(Dataset entries)
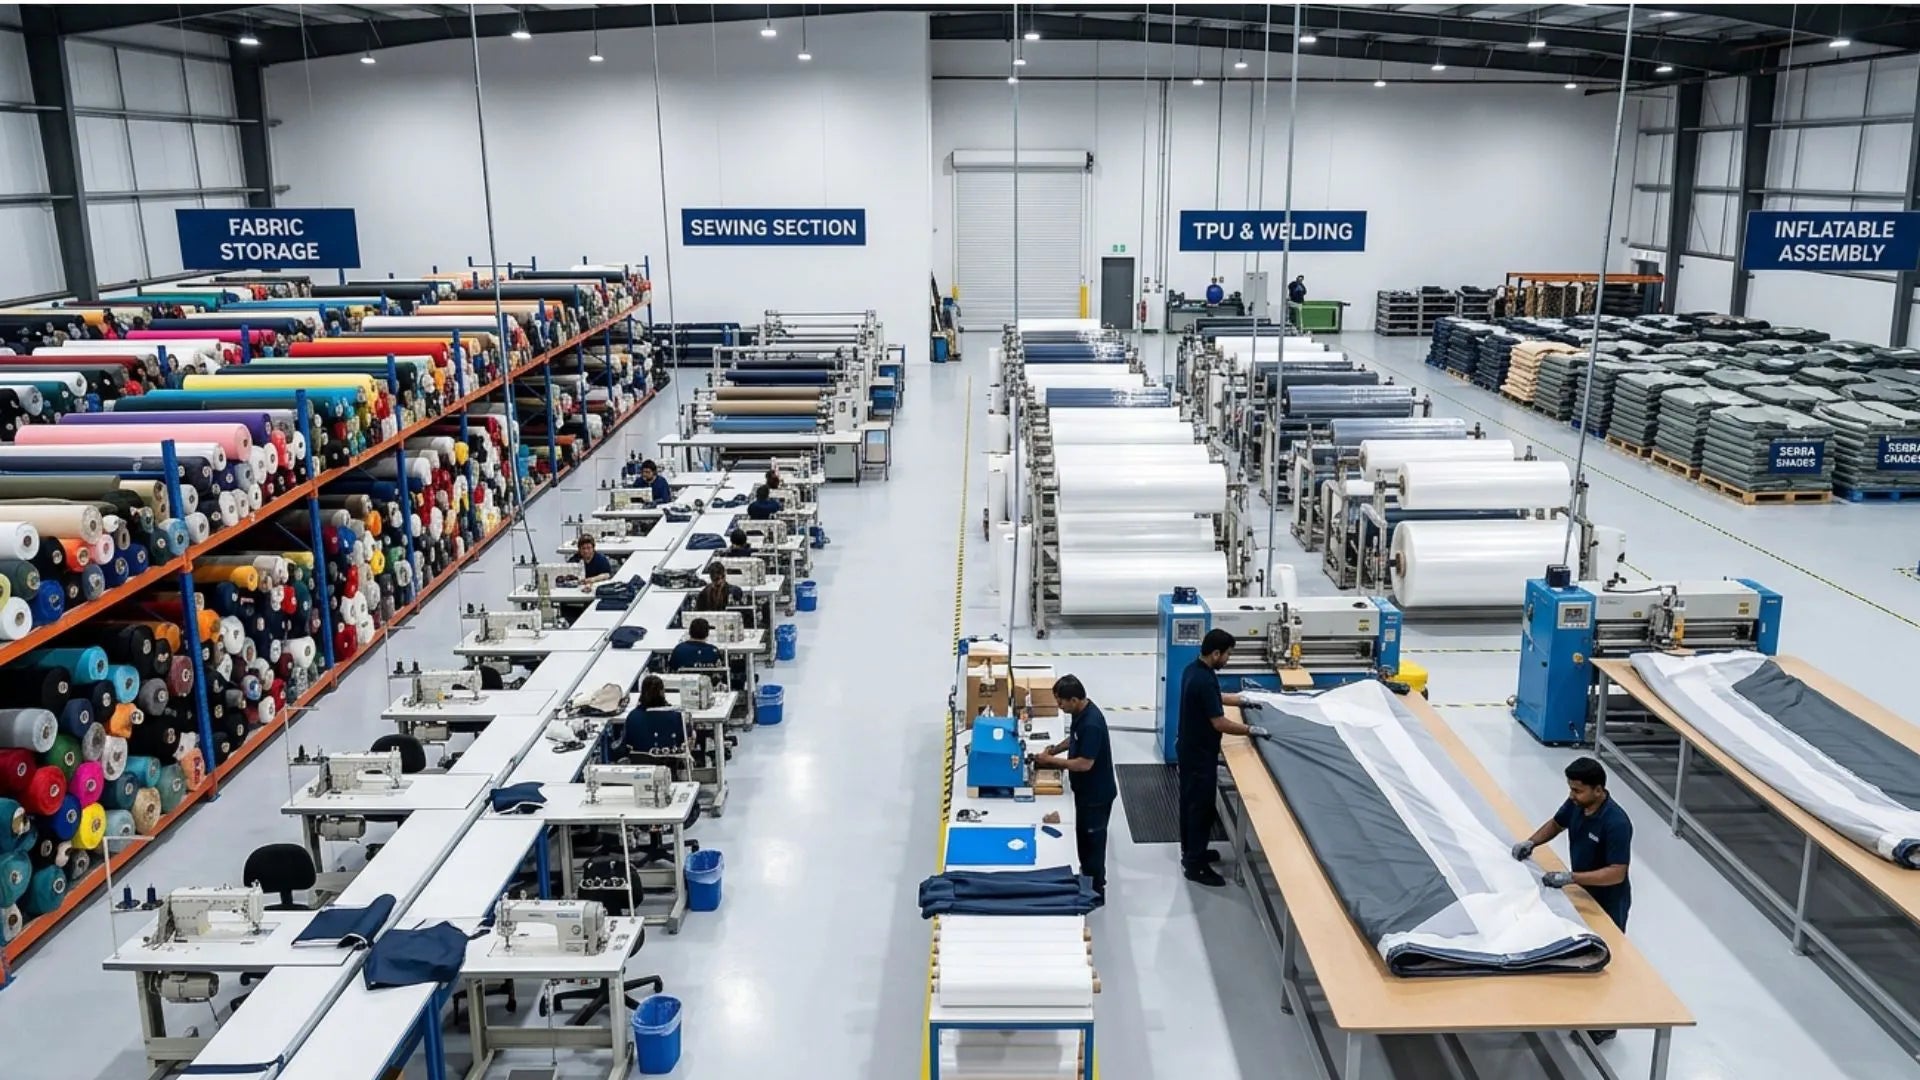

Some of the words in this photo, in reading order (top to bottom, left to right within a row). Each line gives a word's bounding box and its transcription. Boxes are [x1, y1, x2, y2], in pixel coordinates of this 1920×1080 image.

[228, 218, 304, 237] FABRIC
[690, 219, 767, 237] SEWING
[772, 219, 857, 237] SECTION
[1192, 222, 1234, 240] TPU
[1239, 222, 1254, 240] &
[1259, 222, 1353, 240] WELDING
[1774, 220, 1895, 239] INFLATABLE
[220, 242, 320, 262] STORAGE
[1778, 244, 1886, 262] ASSEMBLY
[1779, 446, 1816, 457] SERRA
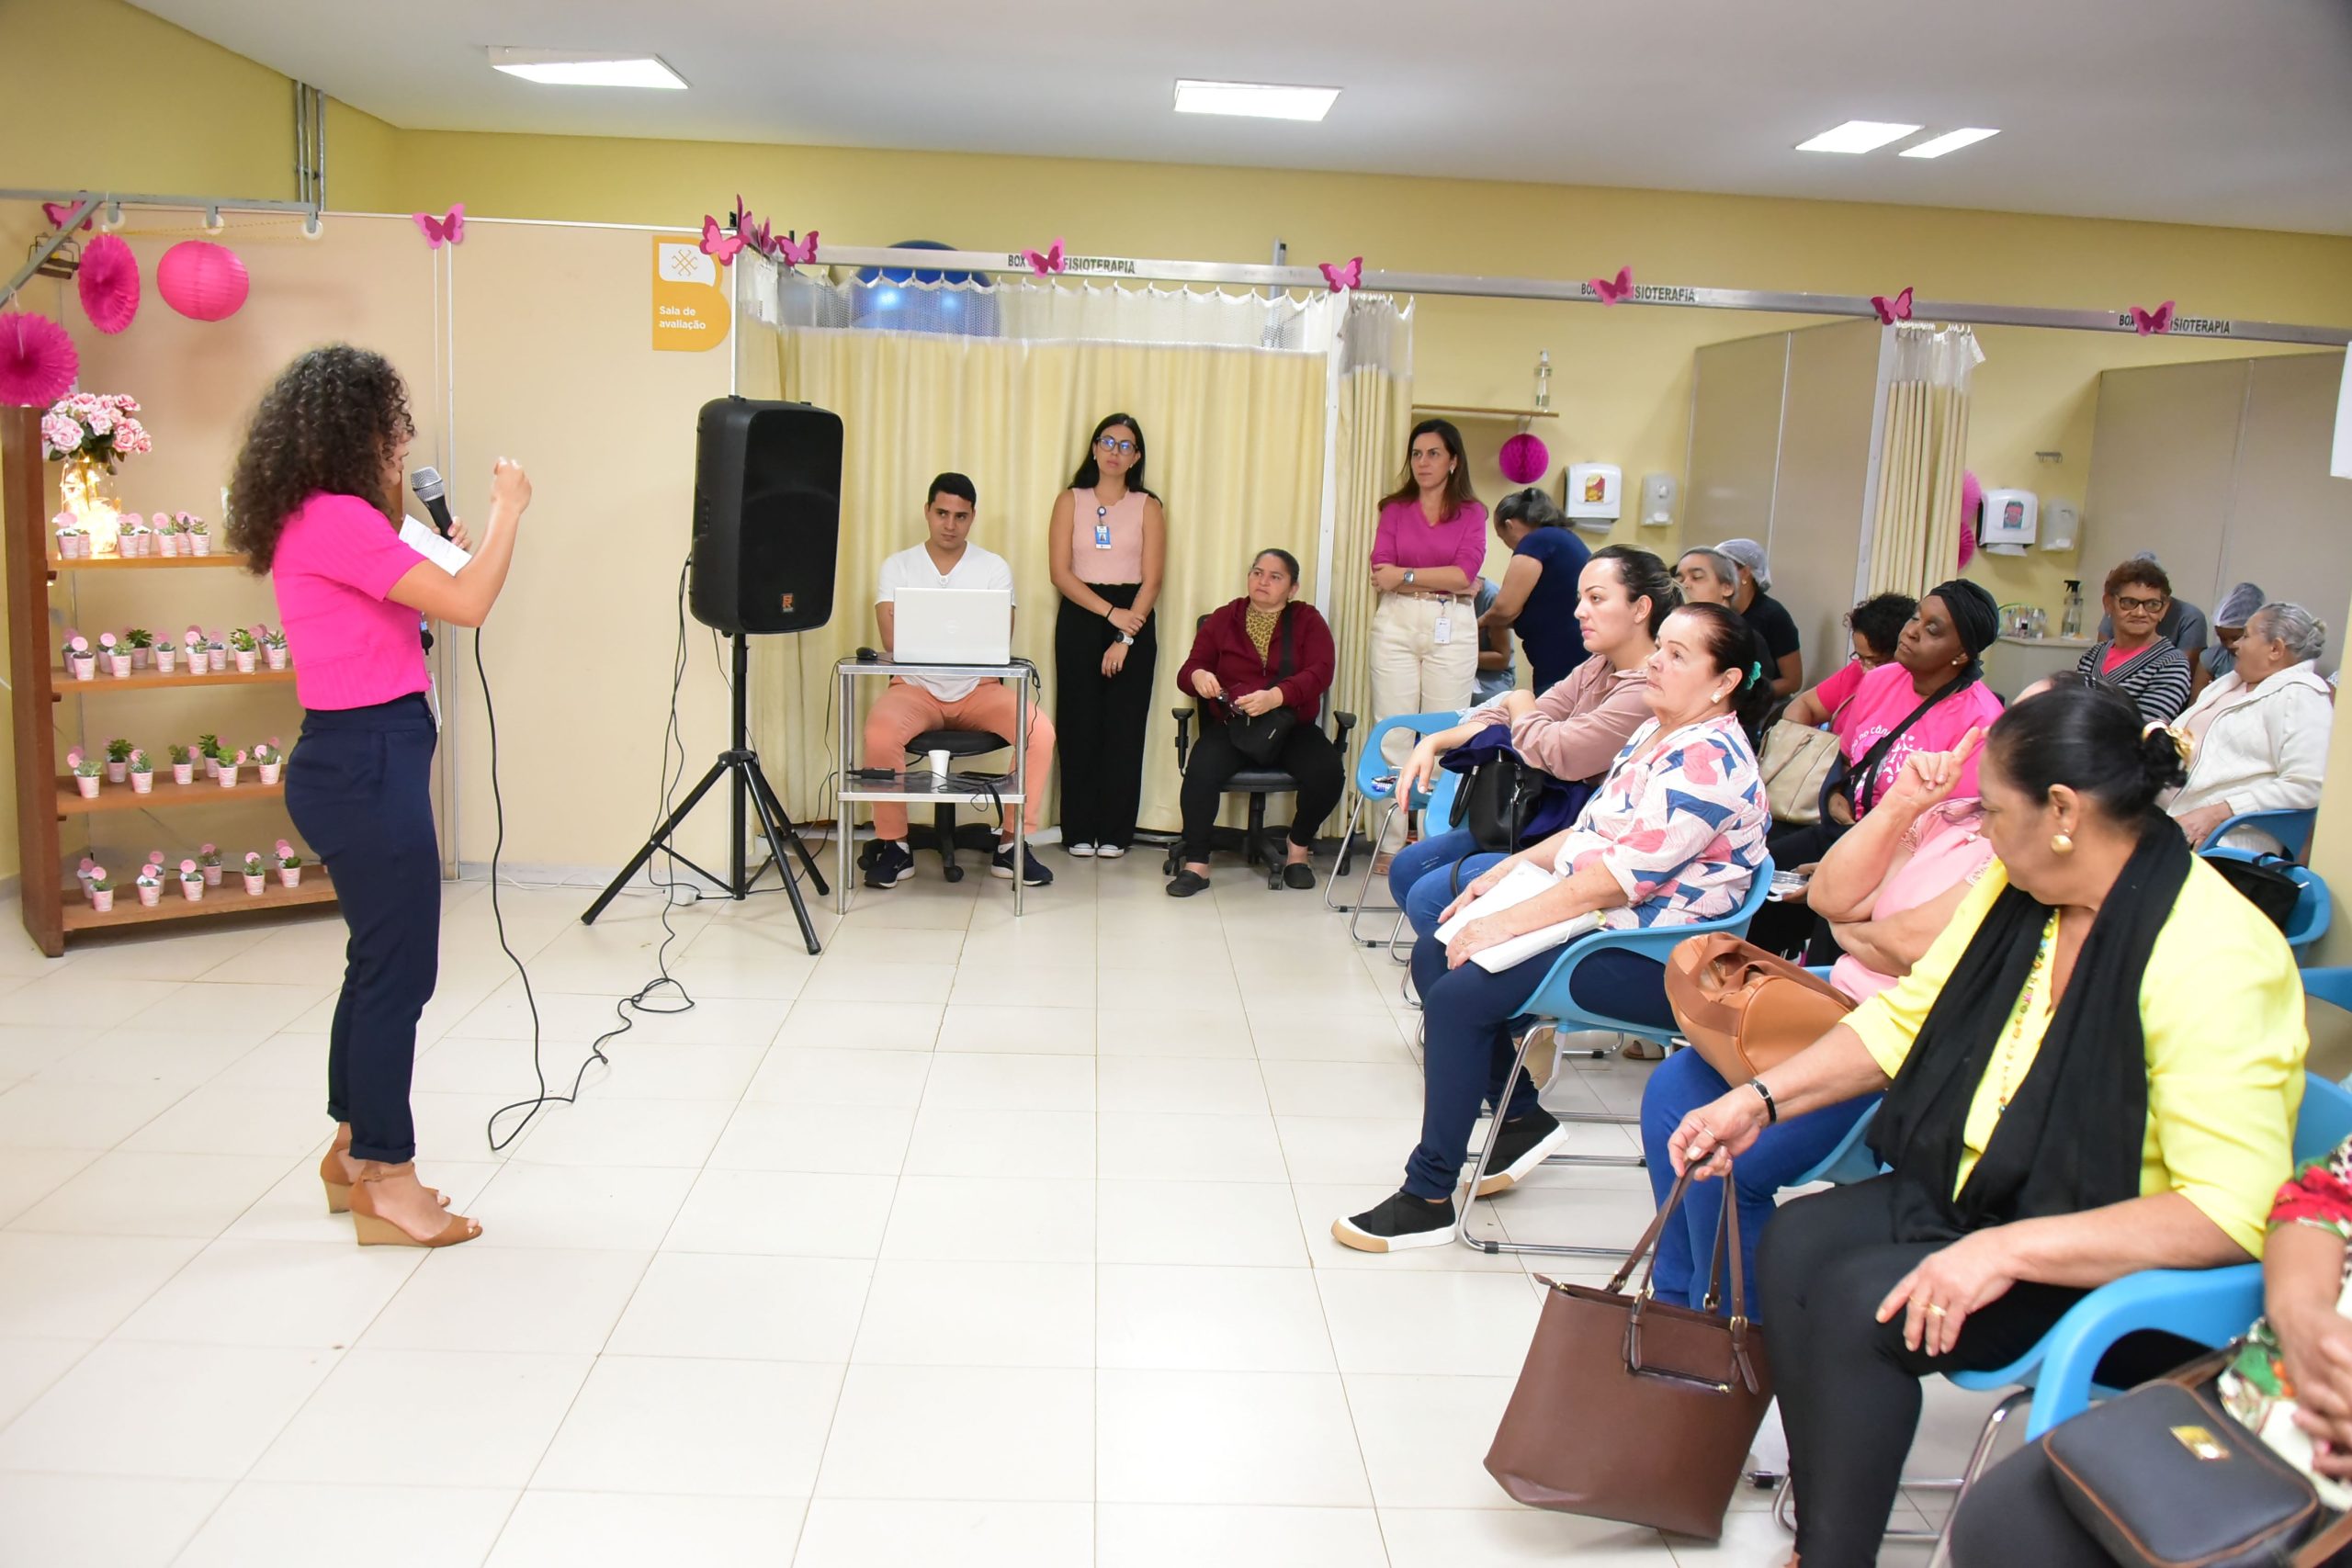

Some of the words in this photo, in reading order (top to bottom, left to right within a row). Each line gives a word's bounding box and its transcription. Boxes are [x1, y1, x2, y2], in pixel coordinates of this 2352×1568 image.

[1007, 254, 1026, 267] BOX
[1632, 285, 1696, 302] ISIOTERAPIA
[659, 305, 681, 316] Sala
[683, 306, 696, 316] de
[659, 319, 707, 331] avaliação
[2169, 318, 2231, 334] ISIOTERAPIA
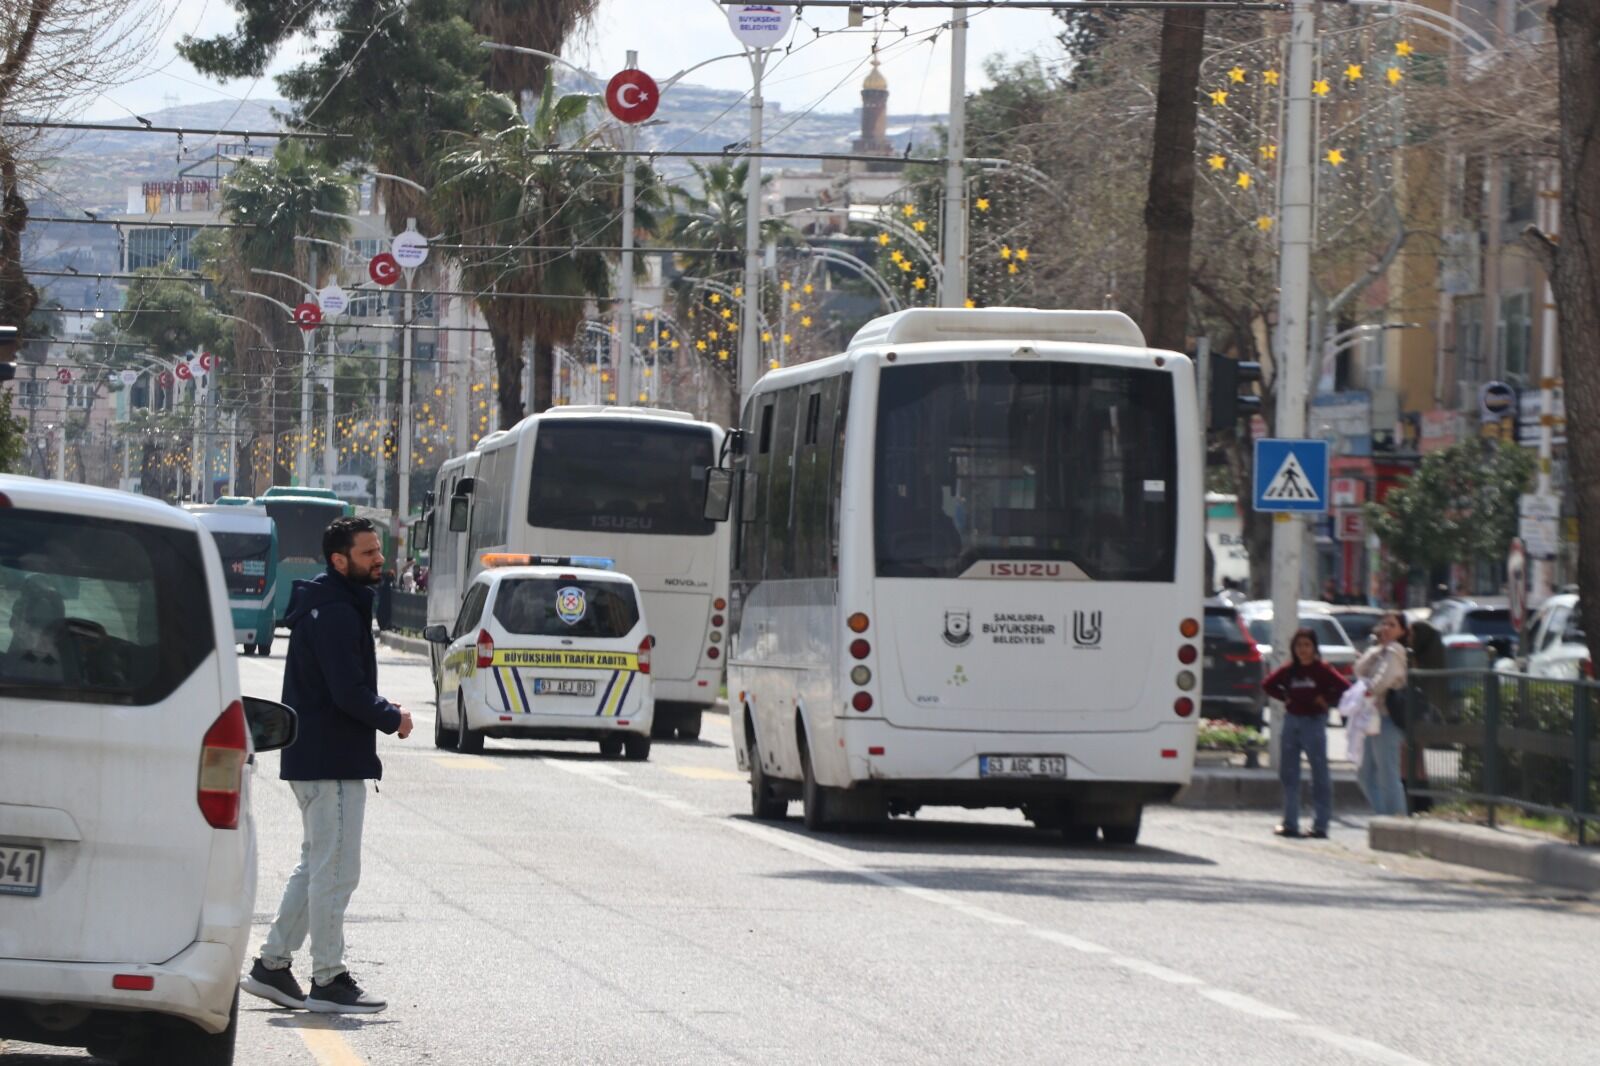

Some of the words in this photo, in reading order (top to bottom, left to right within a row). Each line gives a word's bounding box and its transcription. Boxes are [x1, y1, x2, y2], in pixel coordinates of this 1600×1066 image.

[591, 515, 653, 529] ISUZU
[990, 563, 1060, 577] ISUZU
[504, 650, 562, 664] BÜYÜKŞEHİR
[564, 651, 595, 665] TRAFİK

### PROBLEM TO WORK ON
Copy out all the data exactly; skip the pictures.

### SOLUTION FOR THIS TASK
Some of the words in this photo, in reading order (top to bottom, left to right within a row). Each line gives a word's bounding box and its transcription. Boxes are [x1, y1, x2, y2], in pixel coordinates of this 1920×1080 image.

[228, 218, 304, 237] FABRIC
[690, 219, 767, 237] SEWING
[772, 219, 857, 237] SECTION
[1192, 222, 1234, 240] TPU
[1239, 222, 1254, 240] &
[1259, 222, 1353, 240] WELDING
[1774, 220, 1895, 239] INFLATABLE
[220, 242, 320, 262] STORAGE
[1778, 244, 1886, 262] ASSEMBLY
[1779, 446, 1816, 457] SERRA

Some of the words in this photo, in reading order (top to bottom, left to right within a row). Each line gives a word's bounding box and its transcription. Boxes are [x1, y1, x2, y2], in pixel coordinates of this 2352×1568 image.

[1007, 254, 1026, 267] BOX
[1632, 285, 1696, 302] ISIOTERAPIA
[659, 305, 681, 316] Sala
[683, 306, 696, 316] de
[659, 319, 707, 331] avaliação
[2169, 318, 2231, 334] ISIOTERAPIA

Some of the words in this photo, in reading order (top to bottom, left to right within a row). Each line gives a word's bounding box and its transcription. Boxes are [x1, y1, x2, y2], in pixel coordinates of this 1600×1066 image.

[591, 515, 653, 529] ISUZU
[990, 563, 1060, 577] ISUZU
[504, 650, 562, 664] BÜYÜKŞEHİR
[564, 651, 595, 665] TRAFİK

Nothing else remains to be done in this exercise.